Task instructions —
Please report each line of the data below that contains "control".

>>>>

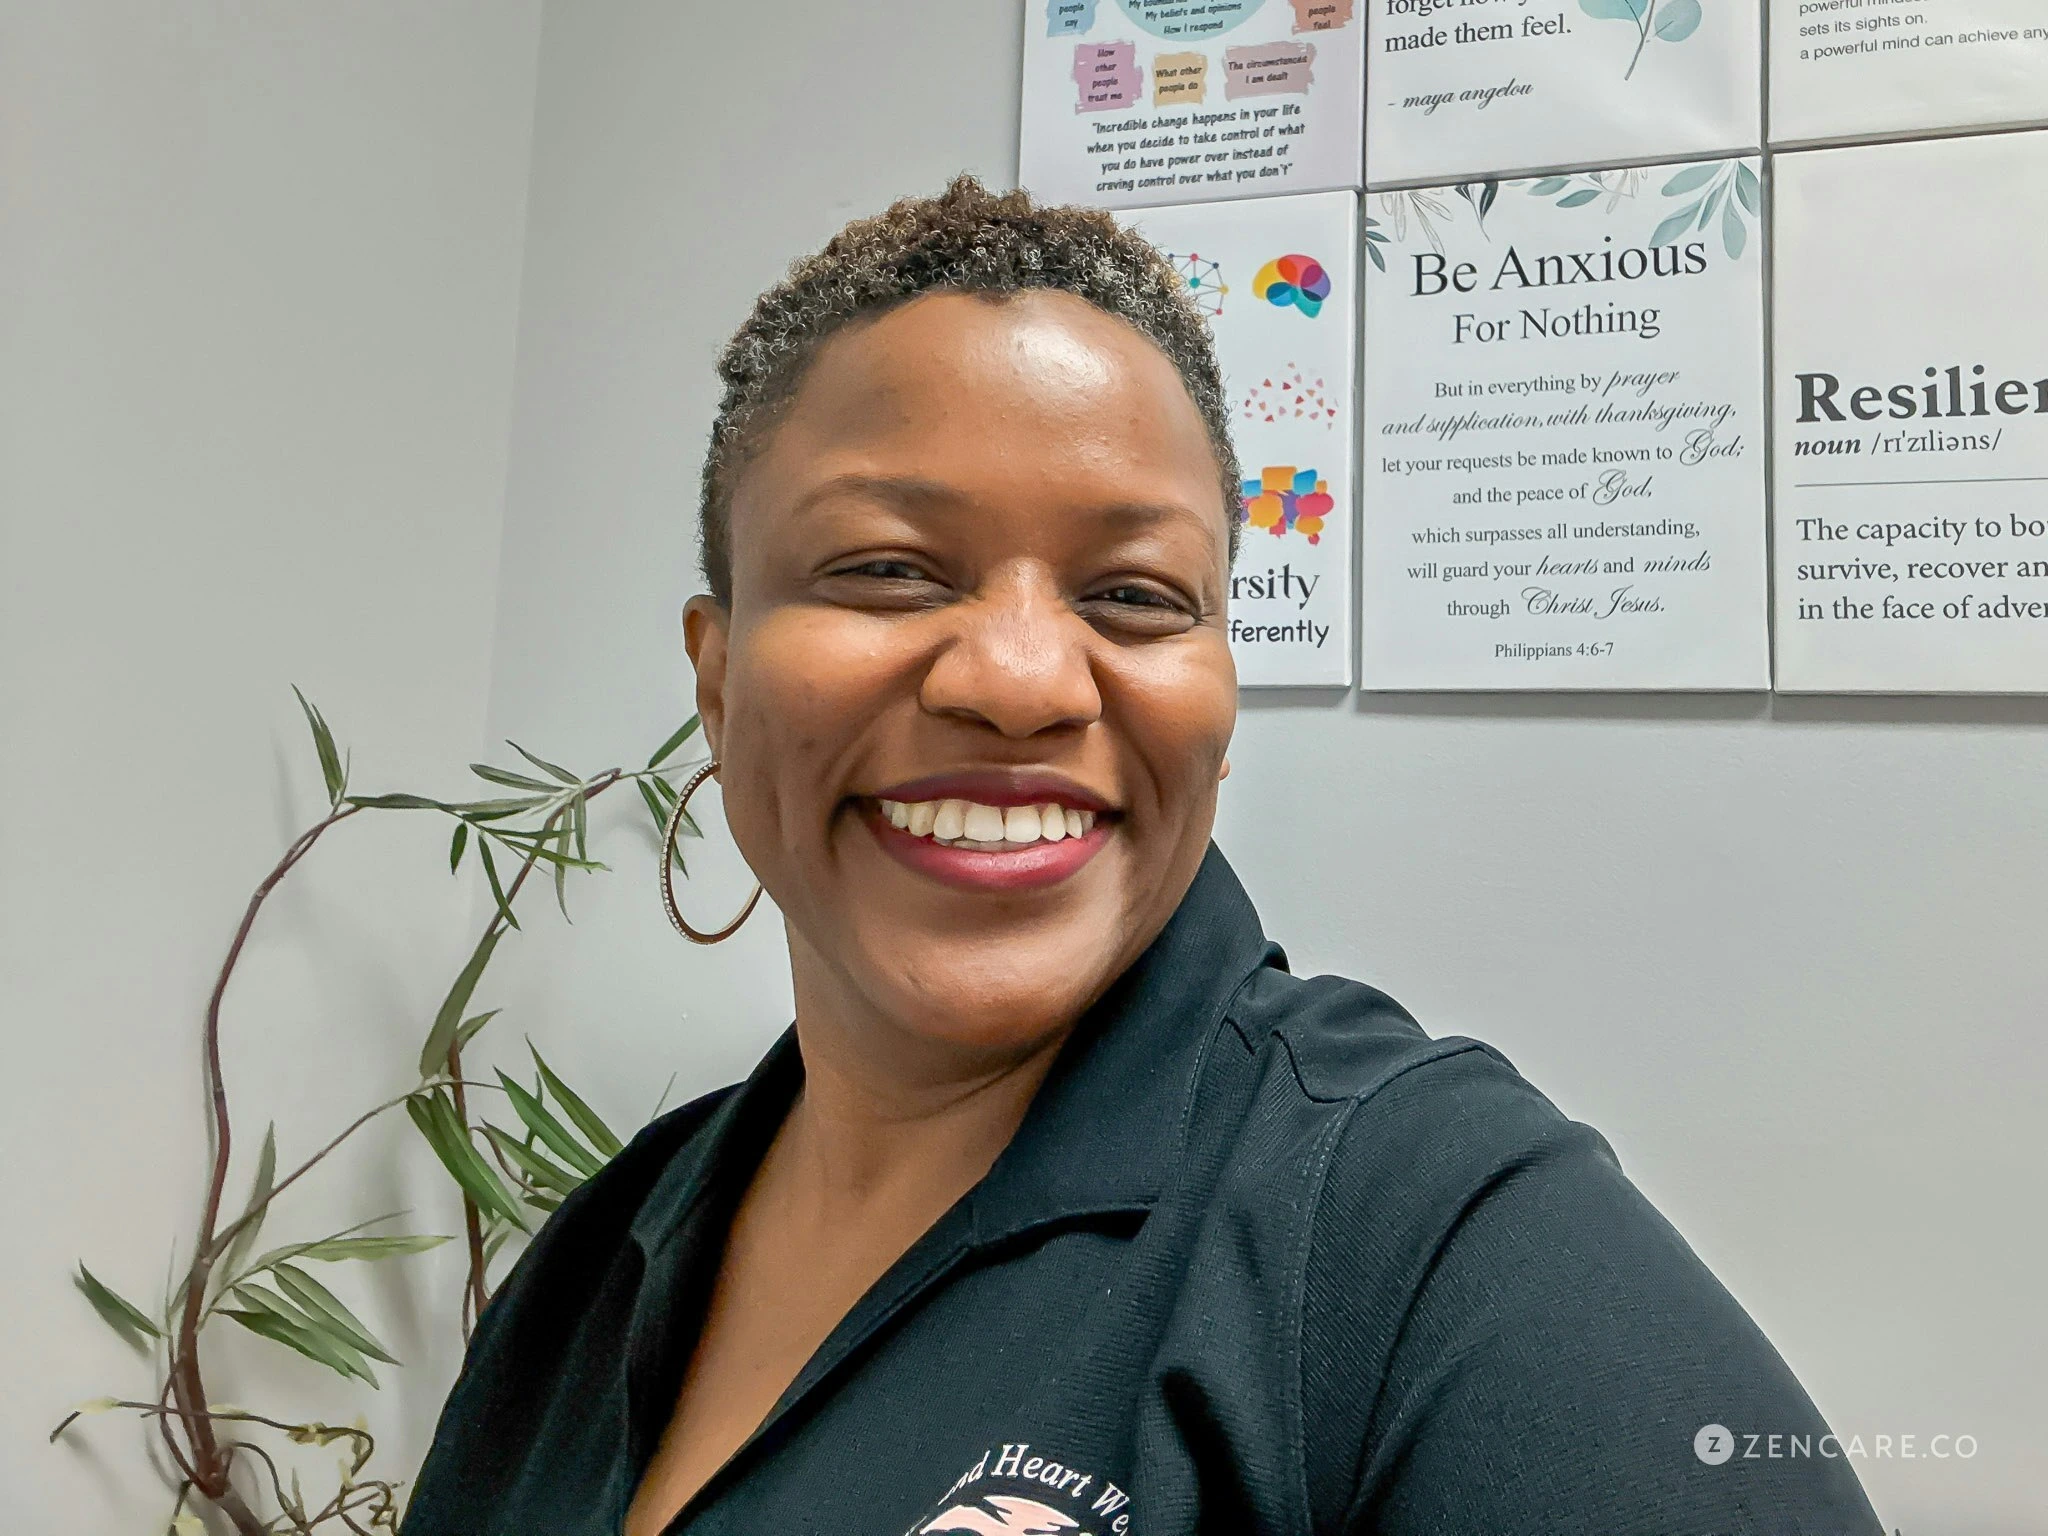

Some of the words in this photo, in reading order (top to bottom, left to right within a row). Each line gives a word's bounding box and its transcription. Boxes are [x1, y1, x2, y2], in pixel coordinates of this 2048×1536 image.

[1145, 11, 1157, 21] My
[1190, 6, 1205, 15] and
[1308, 5, 1336, 18] people
[1799, 24, 1830, 36] sets
[1835, 21, 1851, 32] its
[1856, 16, 1900, 31] sights
[1905, 14, 1928, 25] on.
[1163, 25, 1180, 34] How
[1190, 20, 1223, 32] respond
[1385, 26, 1447, 52] made
[1455, 22, 1513, 44] them
[1521, 13, 1571, 37] feel.
[1800, 49, 1809, 60] a
[1814, 39, 1878, 60] powerful
[1882, 35, 1920, 50] mind
[1925, 34, 1953, 46] can
[1958, 29, 2018, 43] achieve
[1095, 63, 1117, 72] other
[1156, 68, 1178, 78] What
[1180, 66, 1202, 76] other
[1228, 61, 1243, 71] The
[1266, 71, 1288, 82] dealt
[1092, 77, 1118, 90] people
[1159, 83, 1185, 95] people
[1188, 81, 1198, 90] do
[1403, 92, 1455, 116] maya
[1459, 78, 1534, 110] angelou
[1092, 119, 1148, 134] "Incredible
[1151, 116, 1188, 129] change
[1192, 113, 1236, 126] happens
[1239, 109, 1250, 120] in
[1253, 108, 1278, 122] your
[1282, 104, 1301, 116] life
[1087, 142, 1114, 154] when
[1117, 141, 1136, 154] you
[1140, 136, 1174, 149] decide
[1178, 135, 1190, 145] to
[1193, 132, 1217, 144] take
[1221, 127, 1259, 141] control
[1263, 125, 1275, 137] of
[1278, 123, 1305, 135] what
[1101, 162, 1120, 175] you
[1123, 159, 1136, 169] do
[1140, 157, 1164, 168] have
[1167, 155, 1201, 169] power
[1204, 152, 1229, 162] over
[1232, 145, 1273, 160] instead
[1276, 144, 1289, 156] of
[1096, 179, 1134, 191] craving
[1138, 174, 1175, 188] control
[1179, 174, 1203, 184] over
[1206, 169, 1232, 181] what
[1236, 169, 1256, 183] you
[1410, 252, 1477, 297] Be
[1489, 236, 1707, 291] Anxious
[1452, 313, 1510, 344] For
[1519, 302, 1661, 339] Nothing
[1434, 381, 1463, 398] But
[1468, 380, 1483, 395] in
[1488, 375, 1576, 396] everything
[1581, 374, 1601, 393] by
[1602, 371, 1680, 398] prayer
[1381, 413, 1426, 435] and
[1426, 411, 1543, 441] supplication,
[1546, 404, 1590, 426] with
[1595, 400, 1736, 432] thanksgiving,
[1382, 457, 1401, 472] let
[1405, 459, 1442, 475] your
[1447, 454, 1512, 473] requests
[1517, 451, 1536, 466] be
[1542, 449, 1587, 465] made
[1593, 447, 1650, 463] known
[1656, 446, 1673, 459] to
[1680, 428, 1745, 466] God;
[1794, 436, 1861, 456] noun
[1452, 488, 1482, 504] and
[1487, 487, 1512, 503] the
[1516, 487, 1564, 505] peace
[1569, 483, 1589, 500] of
[1592, 468, 1653, 506] God,
[1412, 526, 1460, 544] which
[1465, 528, 1542, 545] surpasses
[1547, 524, 1567, 540] all
[1573, 519, 1700, 538] understanding,
[1796, 518, 1849, 541] The
[1857, 516, 1967, 546] capacity
[1975, 517, 2001, 537] to
[2010, 513, 2048, 537] bo
[1407, 563, 1438, 579] will
[1442, 561, 1488, 582] guard
[1493, 564, 1532, 581] your
[1536, 555, 1598, 576] hearts
[1603, 557, 1634, 574] and
[1644, 550, 1711, 573] minds
[1797, 557, 1899, 582] survive,
[1907, 561, 2008, 578] recover
[1230, 563, 1320, 610] rsity
[1447, 599, 1510, 619] through
[1521, 586, 1594, 615] Christ
[1594, 584, 1665, 620] Jesus.
[1799, 598, 1824, 620] in
[1833, 596, 1874, 619] the
[1883, 595, 1935, 619] face
[1943, 594, 1974, 619] of
[1227, 619, 1330, 648] ferently
[1495, 642, 1571, 660] Philippians
[1576, 642, 1614, 656] 4:6-7
[990, 1444, 1093, 1498] Heart
[1091, 1482, 1130, 1536] We

<<<<

Final answer —
[1221, 127, 1259, 141] control
[1138, 174, 1175, 188] control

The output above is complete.